From the line with "this 1500×1000 image." down to the final line of the material below, quote every line exactly and leave out all lines before it.
[[ RECORDED DATA open ]]
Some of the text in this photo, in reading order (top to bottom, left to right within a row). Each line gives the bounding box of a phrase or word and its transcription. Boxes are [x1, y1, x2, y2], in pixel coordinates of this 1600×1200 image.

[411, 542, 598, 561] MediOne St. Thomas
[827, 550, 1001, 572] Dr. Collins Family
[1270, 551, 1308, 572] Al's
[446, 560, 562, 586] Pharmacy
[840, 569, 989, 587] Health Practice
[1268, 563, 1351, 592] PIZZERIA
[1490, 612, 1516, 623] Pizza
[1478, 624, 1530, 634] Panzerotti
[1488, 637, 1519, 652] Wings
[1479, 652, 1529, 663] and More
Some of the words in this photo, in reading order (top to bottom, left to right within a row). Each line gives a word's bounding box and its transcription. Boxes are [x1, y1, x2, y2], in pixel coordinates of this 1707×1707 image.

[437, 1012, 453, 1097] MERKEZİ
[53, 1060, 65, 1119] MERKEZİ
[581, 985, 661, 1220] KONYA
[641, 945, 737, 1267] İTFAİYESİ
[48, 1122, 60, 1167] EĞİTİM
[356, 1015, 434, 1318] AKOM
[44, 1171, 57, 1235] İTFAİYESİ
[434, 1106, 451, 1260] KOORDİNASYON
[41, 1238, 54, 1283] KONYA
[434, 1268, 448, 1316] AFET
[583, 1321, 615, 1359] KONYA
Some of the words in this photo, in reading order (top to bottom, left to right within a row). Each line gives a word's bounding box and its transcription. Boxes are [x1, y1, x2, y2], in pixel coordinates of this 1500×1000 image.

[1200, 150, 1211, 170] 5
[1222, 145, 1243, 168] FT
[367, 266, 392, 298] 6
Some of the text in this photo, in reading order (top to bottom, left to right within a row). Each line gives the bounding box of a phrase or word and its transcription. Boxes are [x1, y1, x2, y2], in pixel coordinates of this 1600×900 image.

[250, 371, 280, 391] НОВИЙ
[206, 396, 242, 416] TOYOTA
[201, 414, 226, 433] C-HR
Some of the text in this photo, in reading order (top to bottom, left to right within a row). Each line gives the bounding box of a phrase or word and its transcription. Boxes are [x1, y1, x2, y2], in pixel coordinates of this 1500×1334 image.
[[ RECORDED DATA closed ]]
#### EXERCISE SOLUTION:
Some of the words in this photo, in reading order (top to bottom, left to right within a row). Each line gives a word's bounding box and its transcription. Boxes are [x1, y1, x2, y2], in pixel coordinates of this 1500×1000 image.

[1200, 150, 1211, 170] 5
[1222, 145, 1243, 168] FT
[367, 266, 392, 298] 6
Some of the text in this photo, in reading order (top to bottom, left to right within a row). Each line gives the bounding box of a phrase or word and its transcription. Boxes are [x1, y1, x2, y2], in pixel coordinates of this 1600×900 image.

[250, 371, 280, 391] НОВИЙ
[206, 396, 242, 416] TOYOTA
[201, 414, 226, 433] C-HR
Some of the text in this photo, in reading order (top to bottom, left to right within a row). Each line gives the bounding box of a phrase or word and its transcription. Boxes are [x1, y1, x2, y2], in pixel coordinates of this 1500×1334 image.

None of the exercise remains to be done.